Global Familial Amyloid Polyneuropathy Market Size By Type (FAP-I, FAP-II), By Application (Hospitals and Clinics, Others), By Region, And Segment Forecasts, 2023 to 2032

Report Id: 23673 | Published Date: Apr 2026 | No. of Pages: | Base Year for Estimate: Apr 2026 | Format:


lobal Familial Amyloid Polyneuropathy Market Report Description


The Global Familial Amyloid Polyneuropathy (FAP) Market was valued at USD 1.4 billion in 2023 and is projected to reach USD 3.2 billion by 2031, growing at a CAGR of 10.6% during the forecast period (2023–2031).

FAP is a rare, inherited, progressive disorder caused by abnormal amyloid protein deposition, leading to peripheral neuropathy and multi-organ damage. The market growth is primarily driven by increasing awareness about rare diseases, advancements in genetic testing and molecular diagnostics, and the availability of novel disease-modifying therapies. Additionally, rising investments in orphan drug development and favorable regulatory support are fueling the expansion of the FAP treatment landscape.

Market Drivers

Rising Awareness and Early Diagnosis

Growing awareness campaigns, improved screening programs, and enhanced access to genetic counseling are enabling early identification of FAP, thereby increasing patient access to available treatments.

Emergence of Novel Therapeutics

Disease-modifying drugs such as transthyretin (TTR) stabilizers and gene-silencing therapies have significantly improved patient outcomes, creating new opportunities in the market.

Orphan Drug Incentives and Regulatory Support

Regulatory agencies are offering fast-track approvals, extended market exclusivity, and financial incentives to pharmaceutical companies, encouraging investment in rare disease drug development.

Market Restraints

High Treatment Costs

FAP therapies are expensive due to their orphan drug status, making access challenging for patients in low- and middle-income countries.

Limited Awareness in Emerging Economies

Despite advancements, awareness and diagnosis remain low in certain regions, limiting market penetration.

Complex Disease Management

FAP requires a multidisciplinary approach involving neurologists, cardiologists, and genetic specialists, which can be logistically challenging and costly.

Market Opportunities

Expansion of Gene Therapy Platforms

The growing focus on RNA interference (RNAi)-based and CRISPR gene-editing therapies presents promising opportunities for disease-modifying treatments.

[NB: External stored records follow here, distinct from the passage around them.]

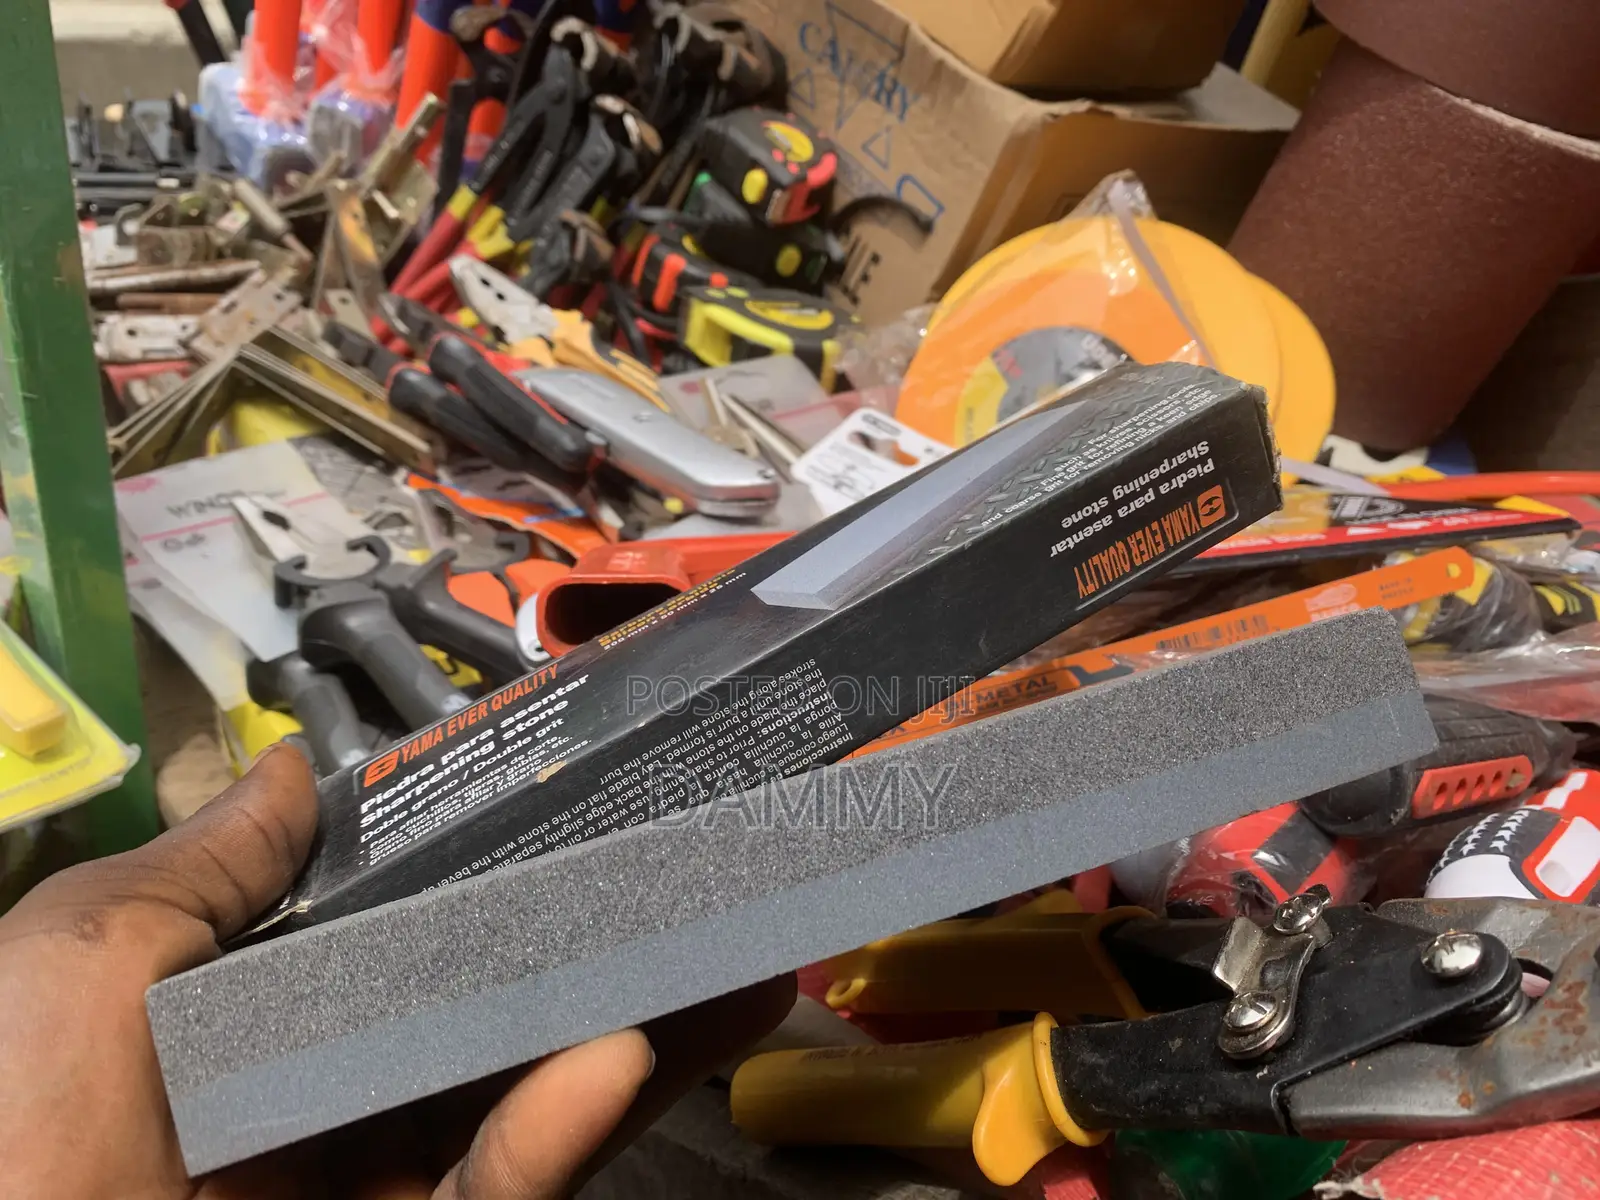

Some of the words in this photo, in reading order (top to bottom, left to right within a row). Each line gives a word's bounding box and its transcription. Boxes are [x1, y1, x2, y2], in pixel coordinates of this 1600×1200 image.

[1053, 455, 1082, 472] such
[1112, 440, 1210, 501] Sharpening
[1158, 457, 1215, 495] Piedra
[1061, 496, 1109, 529] stone
[1117, 487, 1156, 518] para
[981, 512, 1003, 528] and
[1166, 501, 1201, 547] YAMA
[1050, 514, 1113, 558] asentar
[1133, 519, 1167, 566] EVER
[1073, 537, 1131, 599] QUALITY
[778, 658, 816, 684] strokes
[804, 668, 823, 682] the
[748, 677, 778, 703] along
[773, 678, 804, 701] stone
[798, 677, 827, 703] place
[402, 731, 444, 764] YAMA
[447, 703, 488, 737] EVER
[491, 664, 559, 711] QUALITY
[730, 696, 749, 712] the
[749, 696, 773, 716] until
[756, 690, 833, 738] Instructions:
[780, 696, 799, 710] the
[803, 699, 840, 725] ponga
[701, 706, 732, 728] stone
[717, 714, 741, 733] burr
[740, 710, 749, 719] a
[750, 706, 782, 728] blade
[818, 711, 842, 730] Afile
[682, 724, 701, 740] will
[705, 728, 718, 739] is
[734, 724, 749, 737] on
[789, 722, 802, 733] la
[800, 729, 813, 740] la
[817, 722, 849, 744] Luego
[360, 763, 435, 814] Piedra
[440, 728, 495, 766] para
[500, 674, 589, 729] asentar
[641, 734, 682, 761] remove
[662, 735, 706, 766] formed.
[716, 732, 735, 747] the
[728, 735, 756, 755] Prior
[743, 731, 786, 760] cuchilla
[359, 740, 496, 828] Sharpening
[502, 700, 569, 741] stone
[622, 757, 642, 771] the
[622, 757, 642, 771] the
[685, 743, 716, 765] stone
[716, 751, 728, 761] to
[753, 739, 795, 768] cuchilla
[777, 740, 817, 767] coloque
[783, 732, 854, 776] Instrucciones
[599, 767, 624, 786] burr
[641, 759, 663, 776] Lay
[648, 758, 715, 797] sharpening,
[661, 761, 687, 779] with
[704, 758, 740, 782] contra
[715, 767, 749, 789] hasta
[766, 763, 780, 773] la
[360, 810, 409, 844] Doble
[411, 778, 459, 812] grano
[472, 736, 532, 773] Double
[535, 718, 565, 739] grit
[607, 771, 641, 794] blade
[642, 774, 663, 791] the
[687, 779, 702, 791] la
[729, 770, 767, 797] cuchilla
[369, 830, 397, 849] Para
[398, 809, 430, 831] afilar
[430, 763, 508, 812] herramientas
[510, 754, 526, 765] de
[587, 790, 608, 807] flat
[613, 785, 643, 805] back
[629, 795, 652, 811] use
[648, 787, 686, 815] piedra
[688, 789, 710, 805] que
[369, 835, 408, 859] Grano
[408, 820, 433, 836] fino
[434, 803, 462, 823] para
[496, 778, 504, 790] y
[506, 758, 542, 784] grano
[551, 810, 572, 825] the
[571, 801, 587, 814] on
[585, 801, 614, 821] edge
[369, 838, 413, 866] grueso
[414, 821, 442, 841] para
[444, 790, 495, 823] remover
[597, 808, 629, 830] water
[623, 812, 645, 831] con
[517, 821, 551, 844] stone
[544, 817, 585, 845] slightly
[583, 826, 596, 838] or
[369, 832, 404, 855] como
[491, 841, 517, 859] with
[471, 855, 492, 870] the
[482, 841, 543, 875] separate
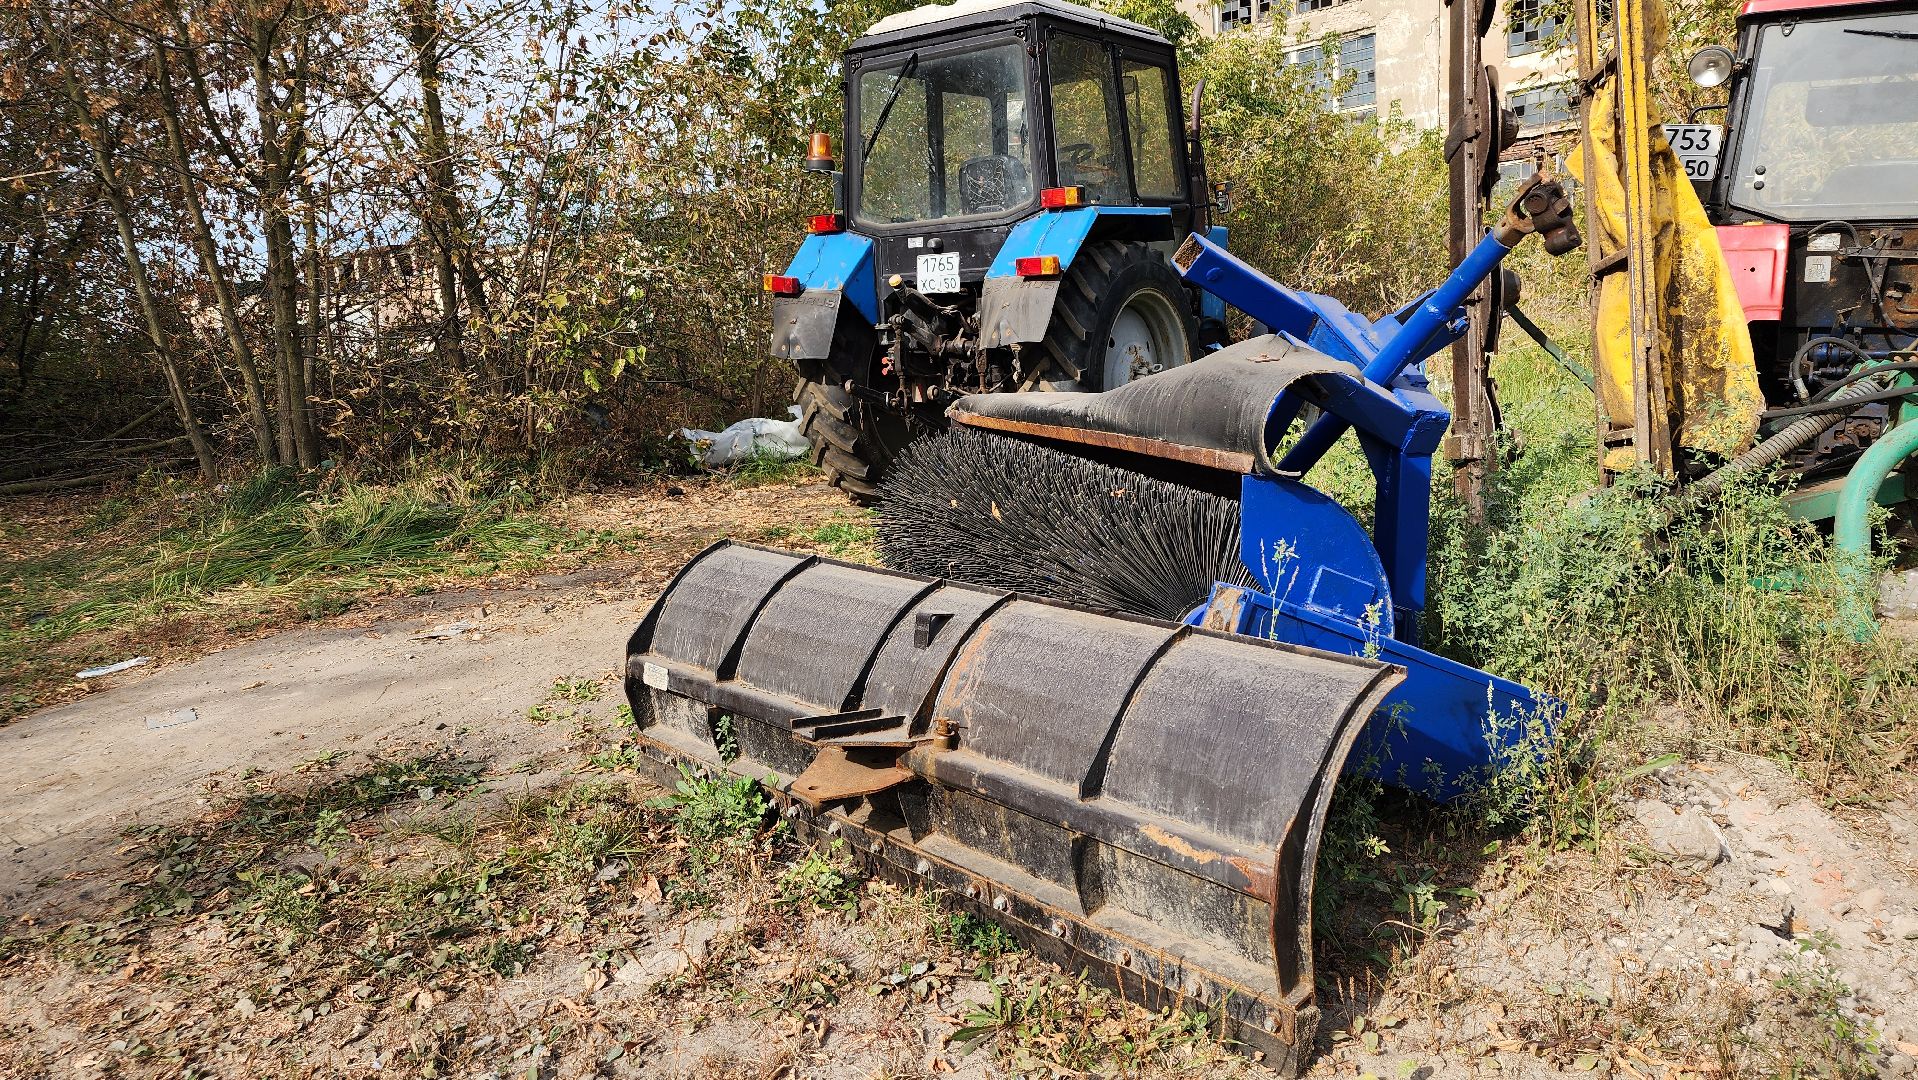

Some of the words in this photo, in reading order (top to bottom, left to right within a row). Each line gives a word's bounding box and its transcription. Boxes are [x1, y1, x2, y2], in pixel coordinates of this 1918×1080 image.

[1685, 159, 1710, 177] 50
[922, 256, 954, 273] 1765
[943, 277, 957, 290] 50

Growing Clinical Trials in Rare Diseases

Increased funding for rare disease research and a strong clinical pipeline of next-generation therapeutics are expected to accelerate market growth.

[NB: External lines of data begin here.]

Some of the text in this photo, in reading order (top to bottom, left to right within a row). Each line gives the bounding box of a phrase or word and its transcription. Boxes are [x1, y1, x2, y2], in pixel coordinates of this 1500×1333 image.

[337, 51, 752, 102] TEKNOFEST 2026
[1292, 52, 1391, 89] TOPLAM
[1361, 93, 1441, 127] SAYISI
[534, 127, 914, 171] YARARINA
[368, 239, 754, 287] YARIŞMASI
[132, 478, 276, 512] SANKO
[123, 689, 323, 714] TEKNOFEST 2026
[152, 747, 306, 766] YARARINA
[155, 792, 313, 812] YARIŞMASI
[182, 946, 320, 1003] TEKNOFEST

Penetration into Emerging Markets

Expansion of healthcare infrastructure and rising rare disease awareness in Asia-Pacific and Latin America could unlock new growth opportunities.

Market by Therapy Type Insights

Transthyretin Stabilizers accounted for the largest share in 2023 due to their proven efficacy in slowing disease progression.

Gene-Silencing Therapies (RNAi & ASO) are expected to witness the highest CAGR, driven by innovative RNA-based approaches that target the root cause of the disease.

Market by End-Use Insights

Hospitals & Specialty Clinics dominated the market in 2023 as they serve as primary centers for diagnosis, genetic testing, and treatment administration.

Research Institutes & Clinical Trials Centers are growing rapidly due to the surge in experimental therapies and ongoing R&D.

Market by Regional Insights

North America held the largest market share in 2023, supported by robust healthcare infrastructure, strong reimbursement frameworks, and high adoption of orphan drugs.

Europe remains a key region due to favorable regulatory pathways for rare diseases and well-established patient registries.

Asia-Pacific is expected to record the highest growth rate owing to rising healthcare investments, improving genetic diagnostics, and expanding awareness.

Competitive Scenario

Key players in the Global Familial Amyloid Polyneuropathy Market include:

Alnylam Pharmaceuticals, Ionis Pharmaceuticals, Pfizer, Eidos Therapeutics, BridgeBio Pharma, Intellia Therapeutics, and Prothena Corporation.

These companies are focusing on RNA-based therapies, gene-editing technologies, strategic collaborations, and patient-support initiatives to expand their market presence.

Recent Developments:

2023: Alnylam Pharmaceuticals expanded access programs for patisiran (Onpattro) to new geographies.

2024: Pfizer received regulatory approval for a next-generation TTR stabilizer with improved safety and efficacy.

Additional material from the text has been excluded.